NEW YORK (DTN) -- New York Mercantile Exchange oil futures rallied Thursday as part of a broader market rally amid optimism over the Greek debt crisis, a big rebound in Chinese markets and strong seasonal demand for gasoline, but pared gains after U.S. Secretary of State John F. Kerry said negotiators in the ongoing Iran nuclear talks were making progress.
Equity markets across Europe and Asia also trimmed gains in late trade after posting as much as 2% gains a relief rally, spurred by fresh optimism over Greece and China.
The Iranian nuclear talks were initially seen as bullish for oil futures when the focus was on the remaining differences between Iran and world powers, but that changed when Kerry raised hopes for a deal, which is considered bearish for oil prices, analysts said. Other reports said a deal is unlikely to be reached by Friday, July 10, which would double the Congressional review period for the final deal to 60 days and delay the lifting of sanctions and a hike in Iran's oil exports.
Investors were encouraged after Chinese regulators acted to halt the recent rout in Shanghai markets. Signs the U.S. Federal Reserve might delay raising the federal funds rate until next year to limit risks to the economy from the Greek debt crisis and China's economic slowdown also lifted market sentiment and sparked risk-on trade in commodities and equities.

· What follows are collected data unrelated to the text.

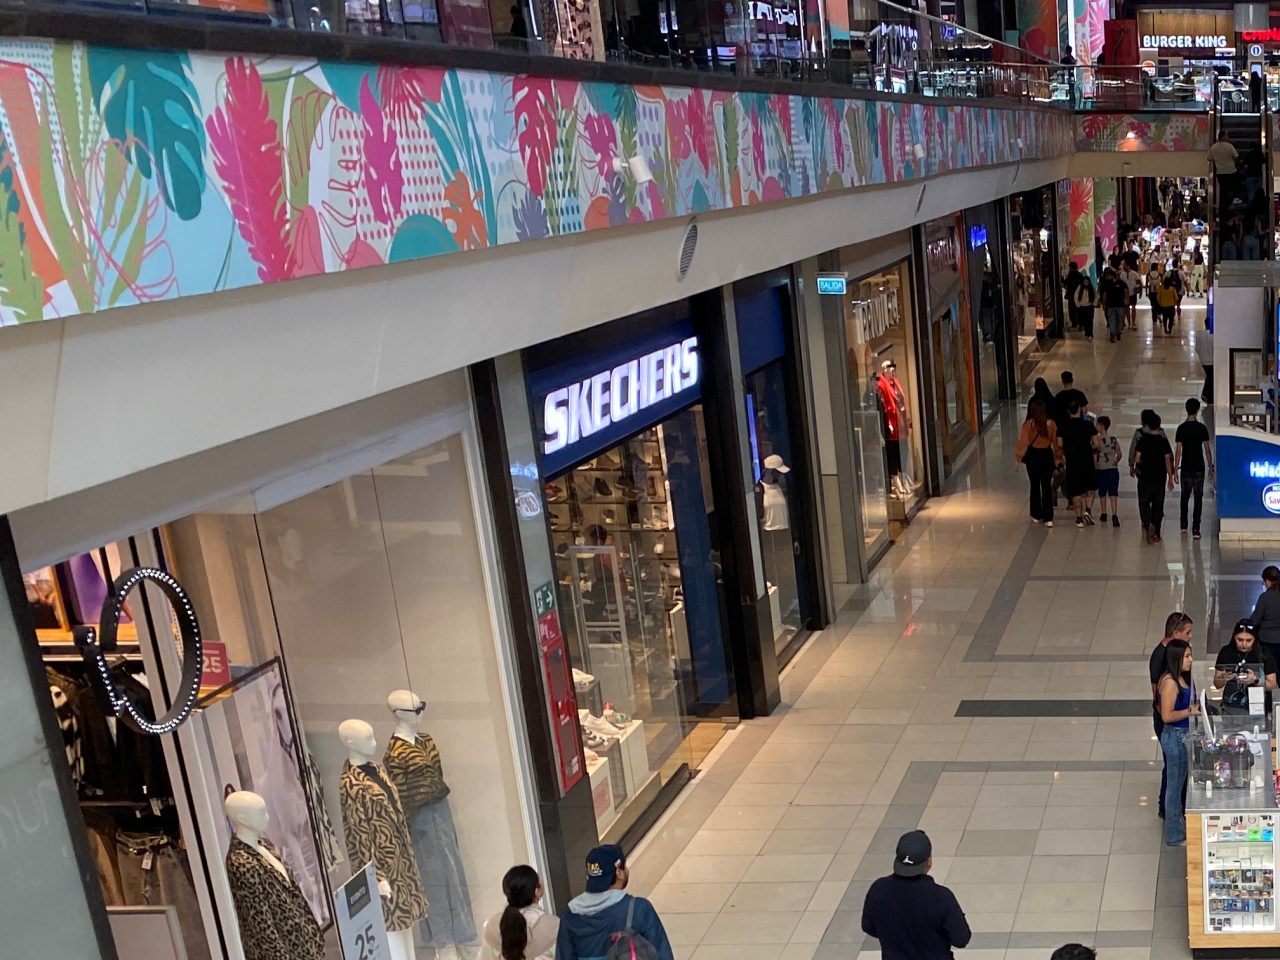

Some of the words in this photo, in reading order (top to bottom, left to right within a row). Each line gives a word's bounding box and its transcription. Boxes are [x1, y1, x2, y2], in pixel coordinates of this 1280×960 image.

[1143, 34, 1192, 48] BURGER
[1195, 34, 1228, 48] KING
[820, 280, 842, 289] SALIDA
[544, 336, 700, 455] SKECHERS
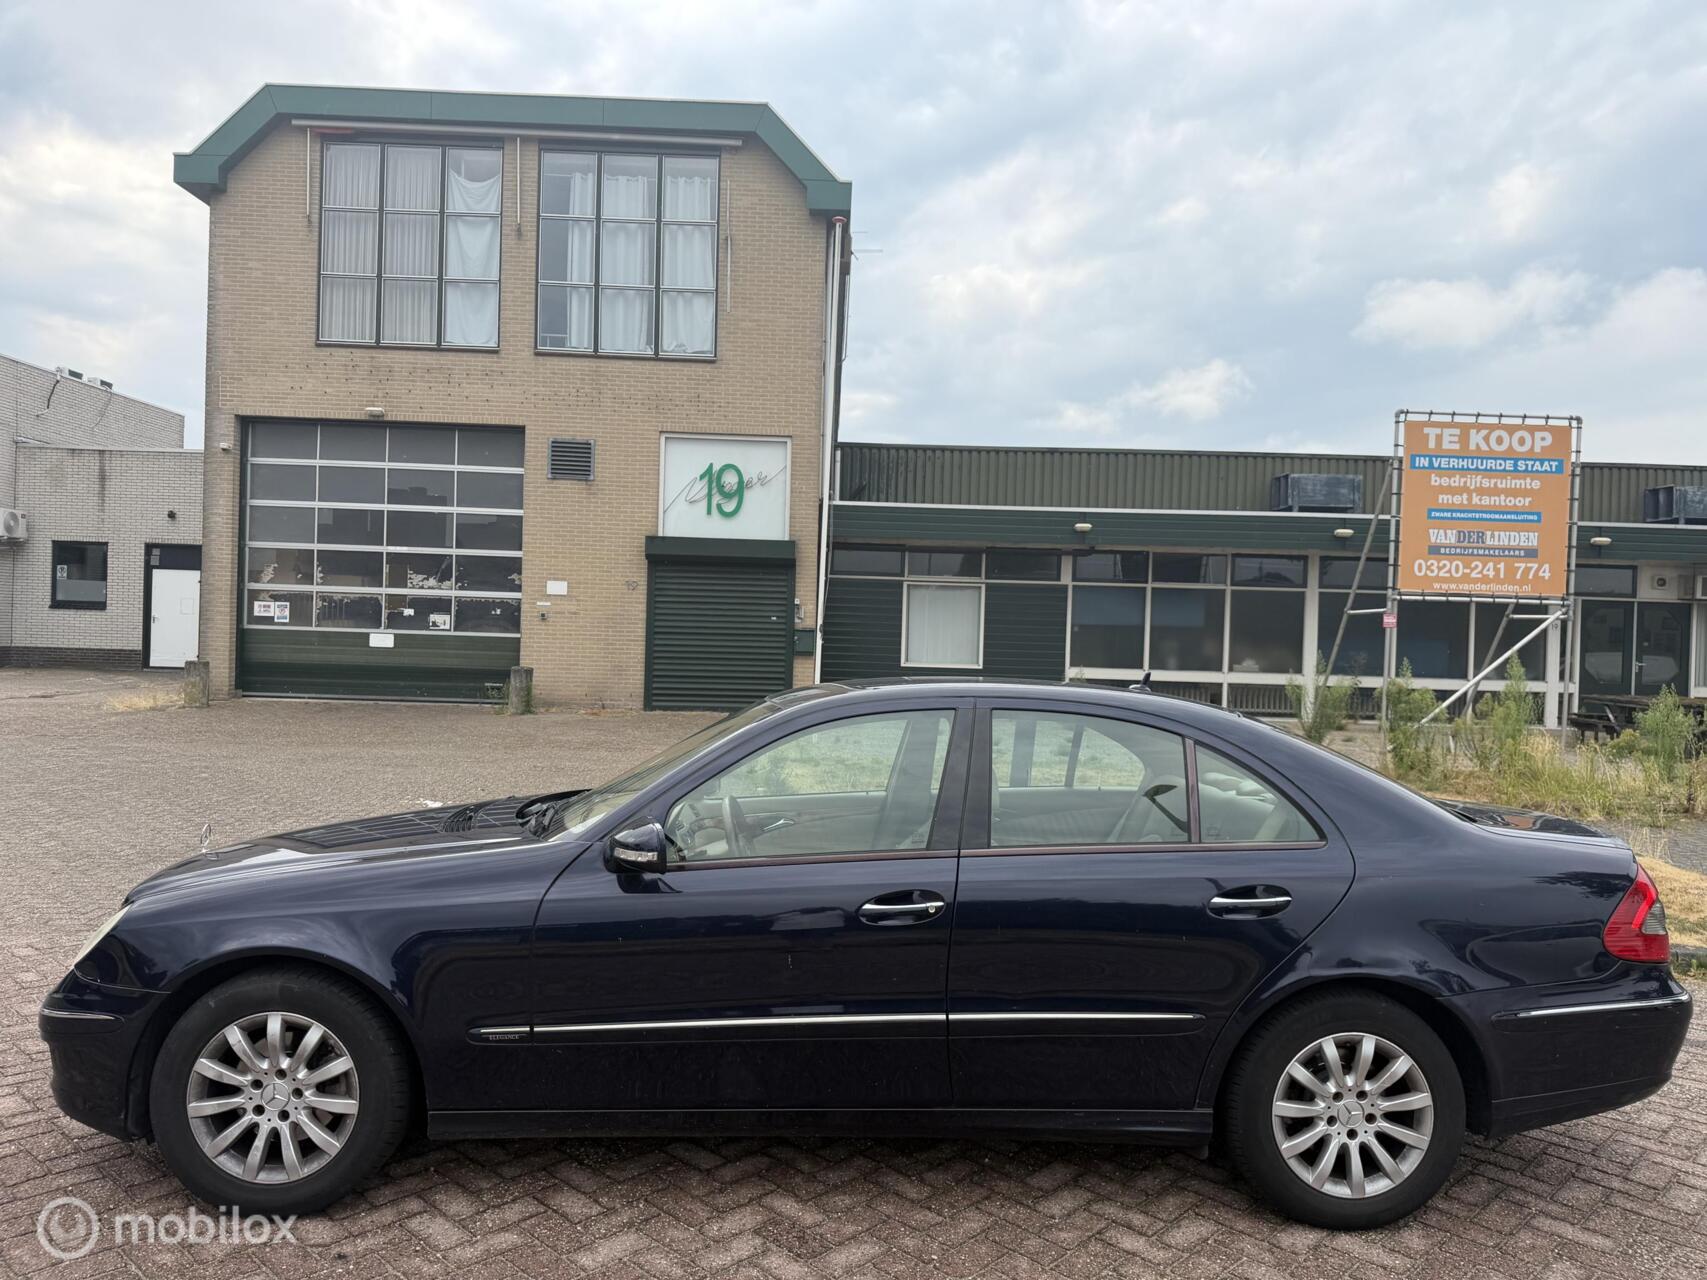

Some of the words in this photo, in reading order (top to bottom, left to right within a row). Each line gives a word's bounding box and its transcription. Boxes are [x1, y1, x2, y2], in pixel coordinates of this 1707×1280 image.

[1424, 428, 1460, 449] TE
[1469, 429, 1552, 452] KOOP
[1415, 457, 1429, 468] IN
[1432, 458, 1514, 470] VERHUURDE
[1517, 460, 1558, 472] STAAT
[1431, 474, 1541, 489] bedrijfsruimte
[699, 462, 745, 518] 19
[1438, 494, 1468, 505] met
[1472, 493, 1532, 506] kantoor
[1440, 547, 1525, 557] BEDRIJFSMAKELAARS
[1413, 559, 1505, 579] 0320-241
[1514, 563, 1551, 580] 774
[1433, 582, 1532, 593] www.vanderlinden.nl

"Oil futures were up on China's stock market [rally] and strong export data from Germany, and for a moment people thought demand is actually better than expected, but then the rally slowed when IMF cut global growth forecast and when Kerry spoke," said analyst Phil Flynn at Price Futures Group. "A deal in the Iran nuclear talks means more oil flowing to the market, so the market got a little nervous."
At settlement, the NYMEX August WTI crude contract was up $1.13 at $52.78 per barrel (bbl), off a three-day high at $53.54. The ICE August Brent crude futures contract surged $1.56 to a $58.61 bbl settlement, off a three-day high of $59.27. The Brent premium over WTI expanded 43 cents to $5.83 bbl, the widest the spread has been in about six weeks.

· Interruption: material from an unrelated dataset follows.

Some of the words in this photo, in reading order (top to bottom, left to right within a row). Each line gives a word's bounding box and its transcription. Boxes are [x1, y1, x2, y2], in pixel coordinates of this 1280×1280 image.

In products trade, the NYMEX August ULSD contract settled 2.08 cents higher at $1.7360 gallon, off a three-day high of $1.7599, while the NYMEX August RBOB contract rallied 4.61 cents to a $2.0451 gallon settlement, off a four-day high of $2.0590
On Wall Street, the Dow Jones Industrial Average, S&P 500 and Nasdaq 100 all rose by a least 0.4% this afternoon, while the U.S. dollar bounced off a four-day low, rising at last look.
Analysts said recent disappointing weekly and June jobs data were likely to dissuade the Fed from ending its easy money policy soon. The International Monetary Fund cut its economic outlook because of the increasing risks in China and Greece while urging the Fed to delay raising rates until 2016.

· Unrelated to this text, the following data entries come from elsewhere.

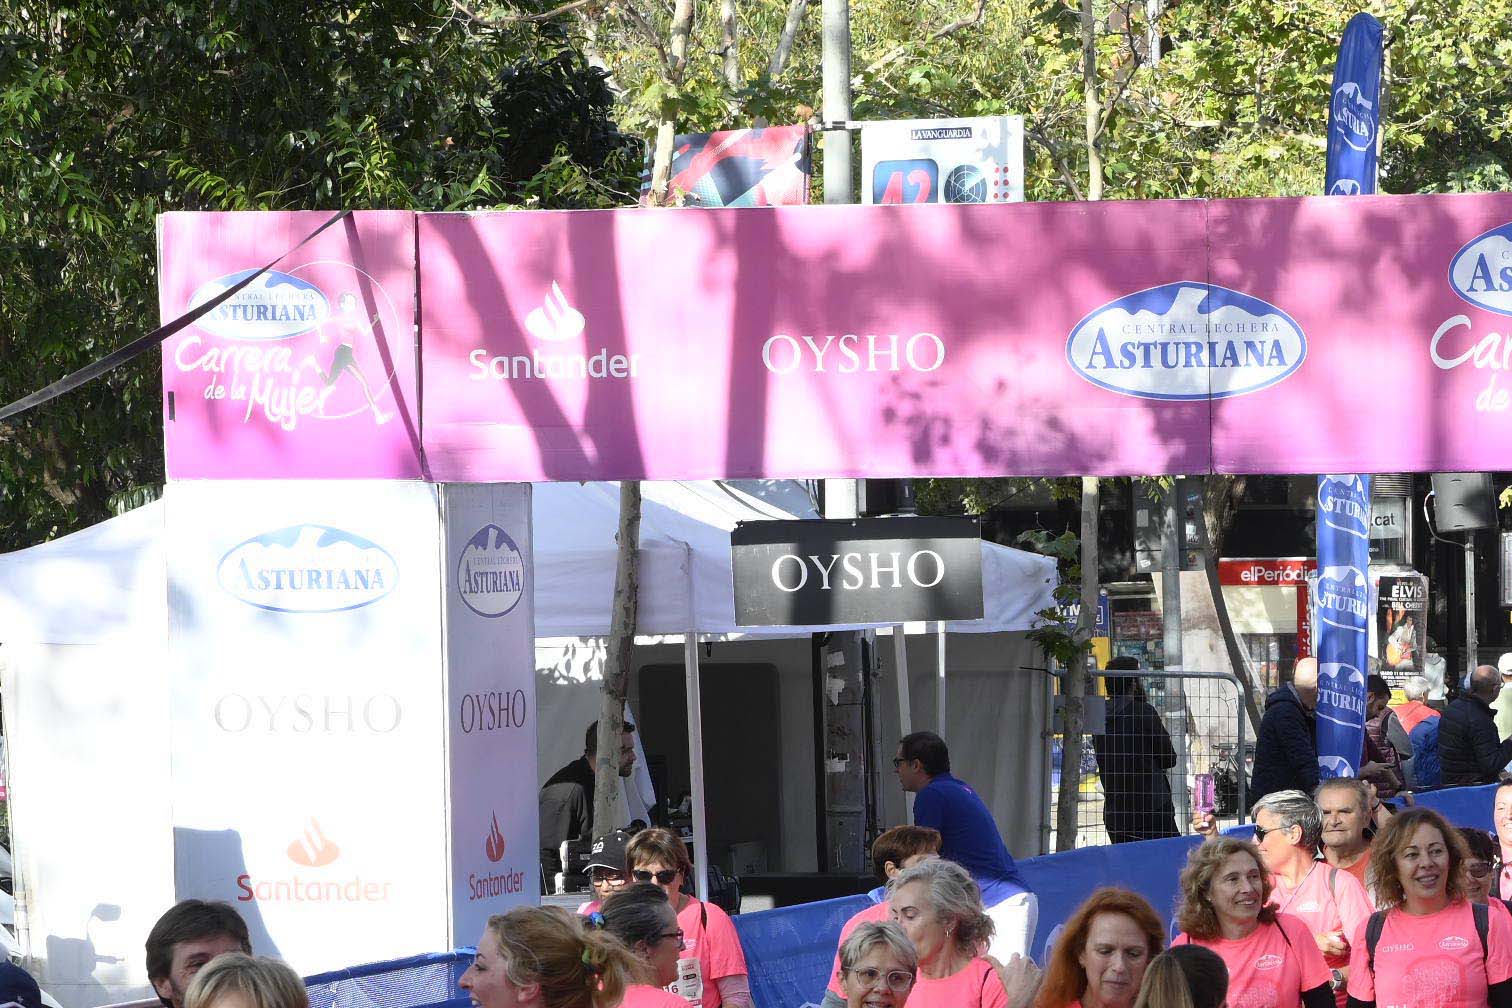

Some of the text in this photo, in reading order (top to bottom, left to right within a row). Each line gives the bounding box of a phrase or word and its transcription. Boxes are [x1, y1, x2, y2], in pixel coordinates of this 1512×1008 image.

[912, 128, 971, 139] LA VANGUARDIA
[1121, 322, 1280, 334] CENTRAL LECHERA
[174, 335, 294, 374] Carrera
[468, 348, 638, 379] Santander
[761, 332, 946, 374] OYSHO
[1084, 326, 1288, 369] ASTURIANA
[204, 370, 337, 432] de la Mujer
[1476, 374, 1509, 412] de
[1371, 512, 1396, 527] .cat
[236, 556, 386, 591] ASTURIANA
[462, 558, 521, 595] ASTURIANA
[771, 549, 945, 592] OYSHO
[1391, 585, 1422, 598] ELVIS
[213, 692, 403, 734] OYSHO
[460, 689, 527, 734] OYSHO
[236, 873, 393, 903] Santander
[468, 871, 525, 902] Santander

IMF said at the top of the hour the global growth rate would be 3.3% this year, down from prior estimate at 3.5%. Low interest rates support oil prices.
Despite bearish weekly oil data from the Energy Information Administration showing building domestic crude and product stocks, seasonal product demand continues to be strong versus a year ago, said analysts, while EIA expects U.S. oil production to fall for the rest of 2015 which supported the oil futures complex.
Investor sentiment was lifted after Greece submitted its latest bailout plan to euro-zone leaders. The market is clinging to hopes Greece can strike a deal with creditors before Sunday to remain in the euro-zone. The IMF and the U.S. both have urged debt relief for Greece, statements that could convince the EU creditors to be lenient with Athens.
Domestically, the EIA reported petroleum stock builds for the week-ended July 3 and the global market remains oversupplied.
However, U.S. gasoline demand eased 2.0% last week while up 6.7% compared to a year ago, EIA said. EIA also hiked its global oil demand outlook in its July Short-term Energy Outlook issued Tuesday.